** Opening Exercise data block **
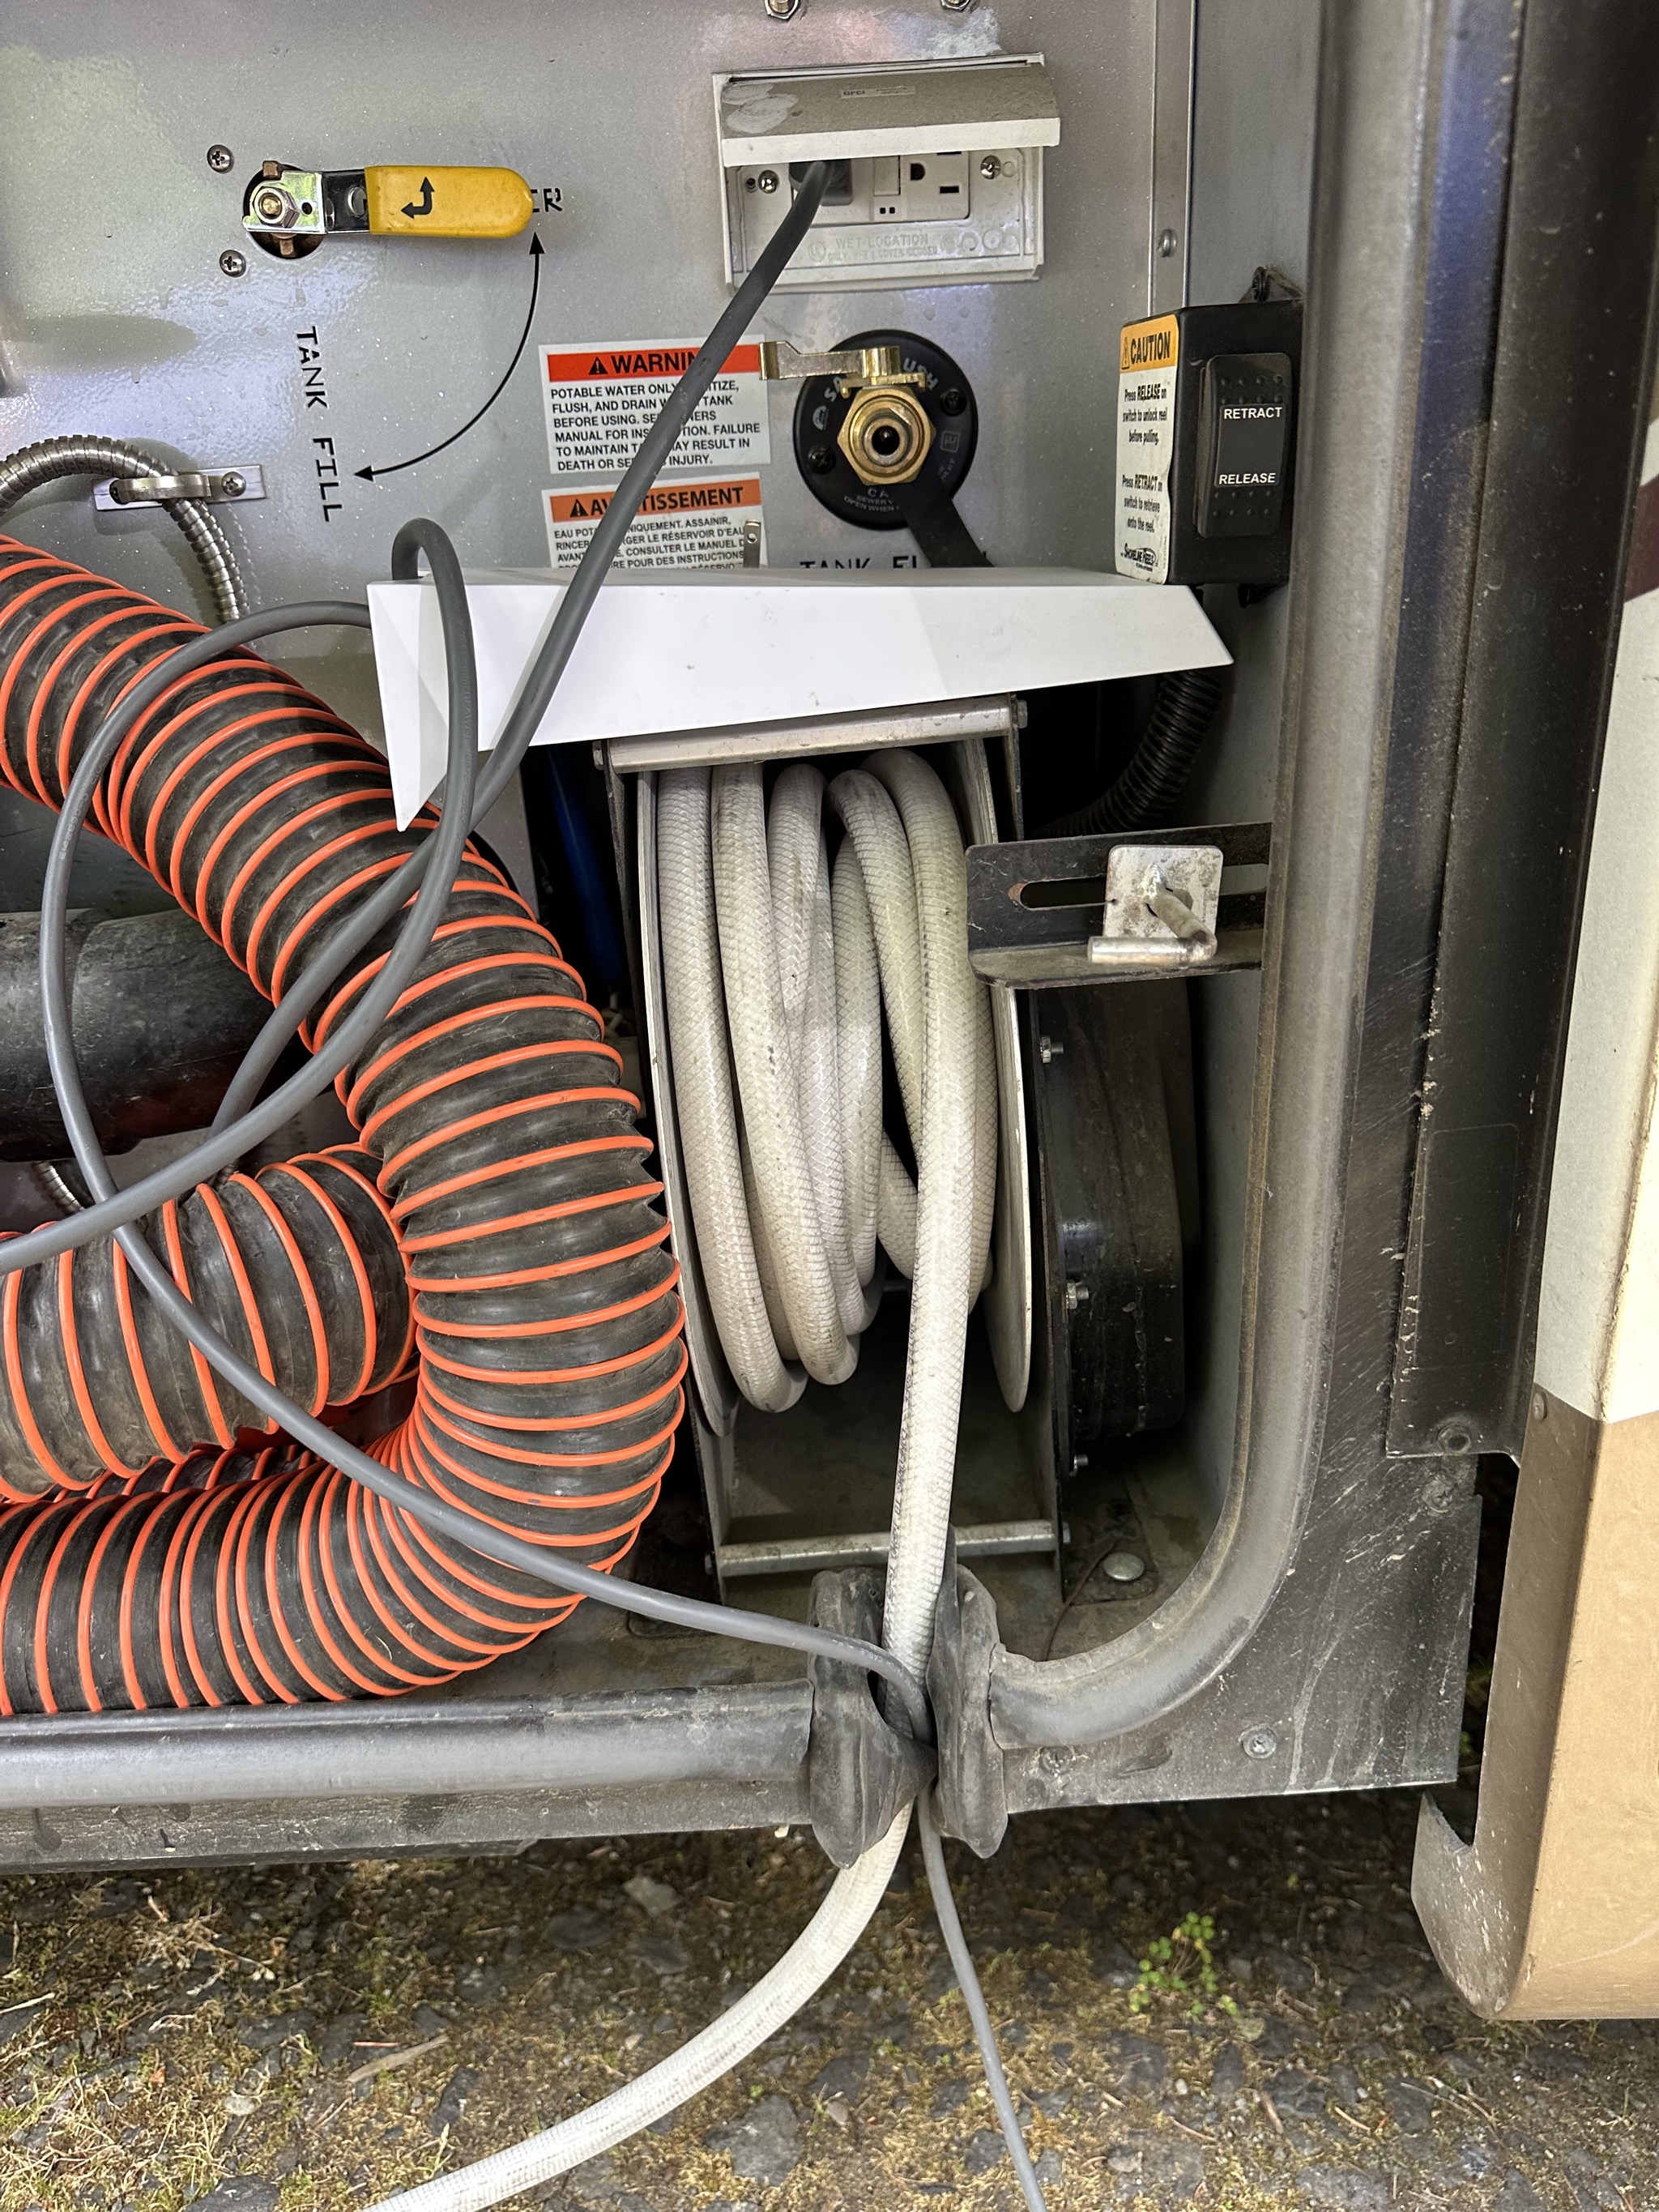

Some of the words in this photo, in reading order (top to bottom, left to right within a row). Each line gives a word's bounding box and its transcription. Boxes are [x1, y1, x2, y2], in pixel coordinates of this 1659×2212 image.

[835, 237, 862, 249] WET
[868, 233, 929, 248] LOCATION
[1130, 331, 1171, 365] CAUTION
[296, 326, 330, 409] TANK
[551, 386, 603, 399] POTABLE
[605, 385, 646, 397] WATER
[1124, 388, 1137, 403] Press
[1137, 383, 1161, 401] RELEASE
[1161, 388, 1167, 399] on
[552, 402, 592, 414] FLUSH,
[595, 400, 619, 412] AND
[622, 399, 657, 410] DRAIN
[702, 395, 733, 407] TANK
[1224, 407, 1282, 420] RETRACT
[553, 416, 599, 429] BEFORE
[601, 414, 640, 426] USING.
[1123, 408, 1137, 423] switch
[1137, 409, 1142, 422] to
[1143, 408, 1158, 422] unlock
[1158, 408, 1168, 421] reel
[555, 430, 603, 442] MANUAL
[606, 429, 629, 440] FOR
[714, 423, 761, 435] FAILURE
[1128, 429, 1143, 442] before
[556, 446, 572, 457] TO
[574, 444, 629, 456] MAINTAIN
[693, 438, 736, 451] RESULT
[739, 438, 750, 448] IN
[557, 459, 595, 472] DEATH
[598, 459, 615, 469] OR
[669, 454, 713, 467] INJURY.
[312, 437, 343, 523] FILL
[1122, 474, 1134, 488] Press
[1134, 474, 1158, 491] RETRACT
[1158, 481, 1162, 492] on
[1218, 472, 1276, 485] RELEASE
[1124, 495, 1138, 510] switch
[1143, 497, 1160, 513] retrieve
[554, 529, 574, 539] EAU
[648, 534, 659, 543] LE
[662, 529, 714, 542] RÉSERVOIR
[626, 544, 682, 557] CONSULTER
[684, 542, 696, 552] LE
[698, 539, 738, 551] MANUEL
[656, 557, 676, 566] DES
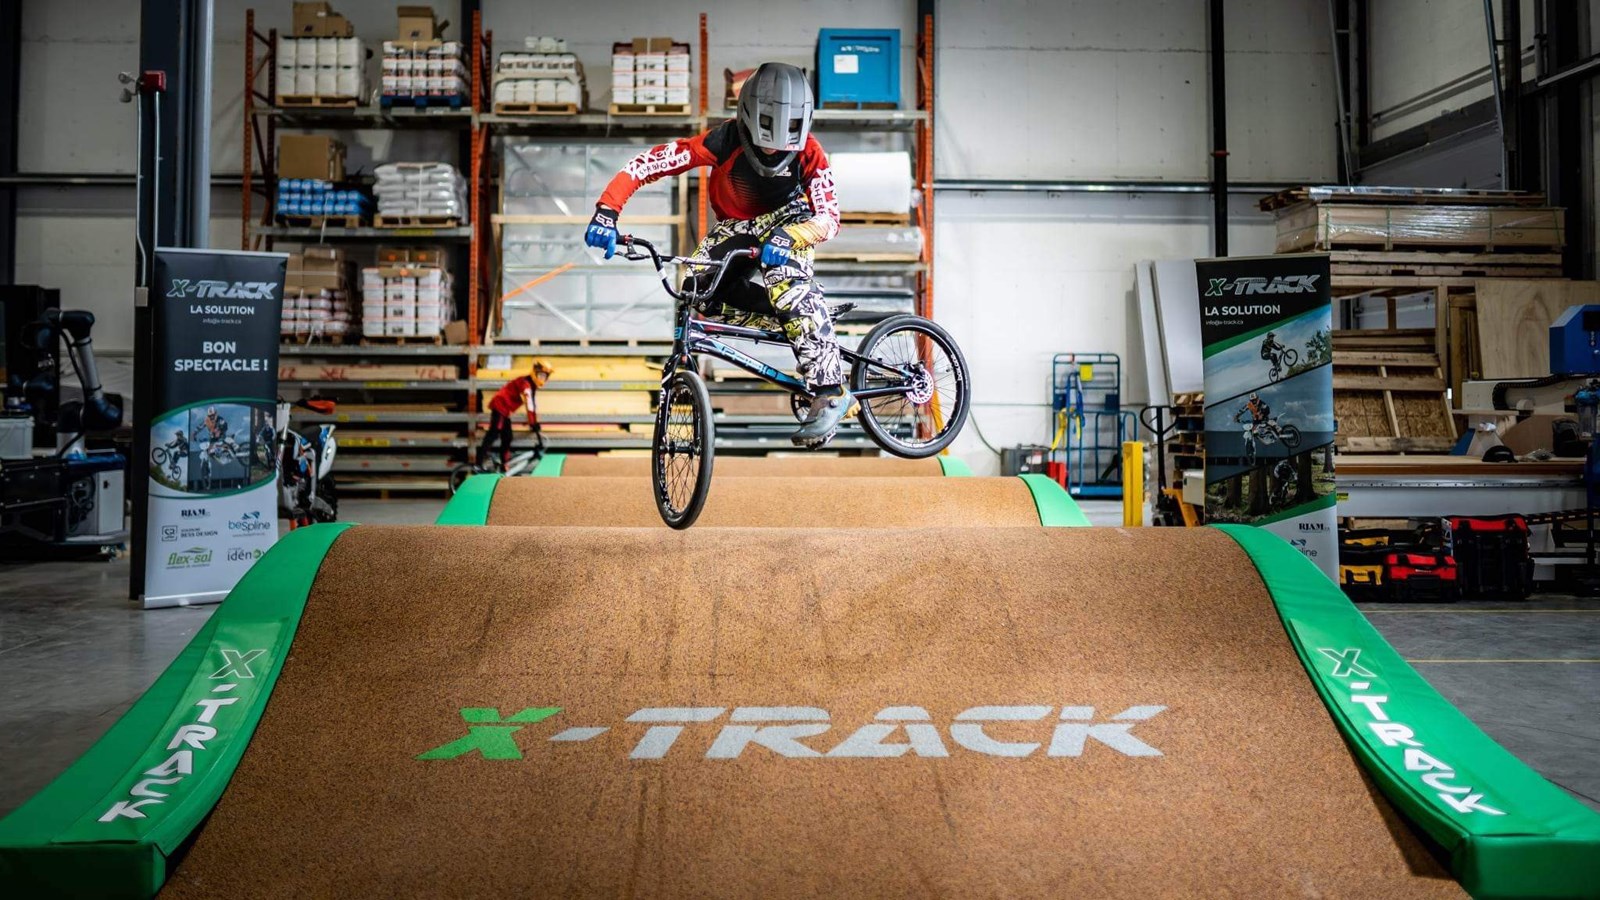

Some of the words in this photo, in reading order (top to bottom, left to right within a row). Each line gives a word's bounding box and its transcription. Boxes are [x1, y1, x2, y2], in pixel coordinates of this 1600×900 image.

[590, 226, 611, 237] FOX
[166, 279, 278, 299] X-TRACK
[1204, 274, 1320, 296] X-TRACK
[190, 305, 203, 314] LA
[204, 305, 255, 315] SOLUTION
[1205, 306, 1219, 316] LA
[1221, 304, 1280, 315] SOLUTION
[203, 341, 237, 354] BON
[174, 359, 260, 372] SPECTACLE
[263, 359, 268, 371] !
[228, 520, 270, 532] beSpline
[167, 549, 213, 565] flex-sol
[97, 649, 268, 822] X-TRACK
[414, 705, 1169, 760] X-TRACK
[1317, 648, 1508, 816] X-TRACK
** Closing Exercise data block **
Task directions:
Every line above should be reproduced exactly, please, with no pictures included.

Reply to the task:
Some of the words in this photo, in reading order (top to bottom, left to right within a row). Each line gives a word's bounding box and its transcription. Boxes are [x1, y1, x2, y2], in pixel coordinates of this 1659×2212 image.

[835, 237, 862, 249] WET
[868, 233, 929, 248] LOCATION
[1130, 331, 1171, 365] CAUTION
[296, 326, 330, 409] TANK
[551, 386, 603, 399] POTABLE
[605, 385, 646, 397] WATER
[1124, 388, 1137, 403] Press
[1137, 383, 1161, 401] RELEASE
[1161, 388, 1167, 399] on
[552, 402, 592, 414] FLUSH,
[595, 400, 619, 412] AND
[622, 399, 657, 410] DRAIN
[702, 395, 733, 407] TANK
[1224, 407, 1282, 420] RETRACT
[553, 416, 599, 429] BEFORE
[601, 414, 640, 426] USING.
[1123, 408, 1137, 423] switch
[1137, 409, 1142, 422] to
[1143, 408, 1158, 422] unlock
[1158, 408, 1168, 421] reel
[555, 430, 603, 442] MANUAL
[606, 429, 629, 440] FOR
[714, 423, 761, 435] FAILURE
[1128, 429, 1143, 442] before
[556, 446, 572, 457] TO
[574, 444, 629, 456] MAINTAIN
[693, 438, 736, 451] RESULT
[739, 438, 750, 448] IN
[557, 459, 595, 472] DEATH
[598, 459, 615, 469] OR
[669, 454, 713, 467] INJURY.
[312, 437, 343, 523] FILL
[1122, 474, 1134, 488] Press
[1134, 474, 1158, 491] RETRACT
[1158, 481, 1162, 492] on
[1218, 472, 1276, 485] RELEASE
[1124, 495, 1138, 510] switch
[1143, 497, 1160, 513] retrieve
[554, 529, 574, 539] EAU
[648, 534, 659, 543] LE
[662, 529, 714, 542] RÉSERVOIR
[626, 544, 682, 557] CONSULTER
[684, 542, 696, 552] LE
[698, 539, 738, 551] MANUEL
[656, 557, 676, 566] DES

Some of the words in this photo, in reading order (top to bottom, left to right within a row). Each line gives a word's bounding box and its transcription. Boxes are [x1, y1, x2, y2], in pixel coordinates of this 1600×900 image.

[590, 226, 611, 237] FOX
[166, 279, 278, 299] X-TRACK
[1204, 274, 1320, 296] X-TRACK
[190, 305, 203, 314] LA
[204, 305, 255, 315] SOLUTION
[1205, 306, 1219, 316] LA
[1221, 304, 1280, 315] SOLUTION
[203, 341, 237, 354] BON
[174, 359, 260, 372] SPECTACLE
[263, 359, 268, 371] !
[228, 520, 270, 532] beSpline
[167, 549, 213, 565] flex-sol
[97, 649, 268, 822] X-TRACK
[414, 705, 1169, 760] X-TRACK
[1317, 648, 1508, 816] X-TRACK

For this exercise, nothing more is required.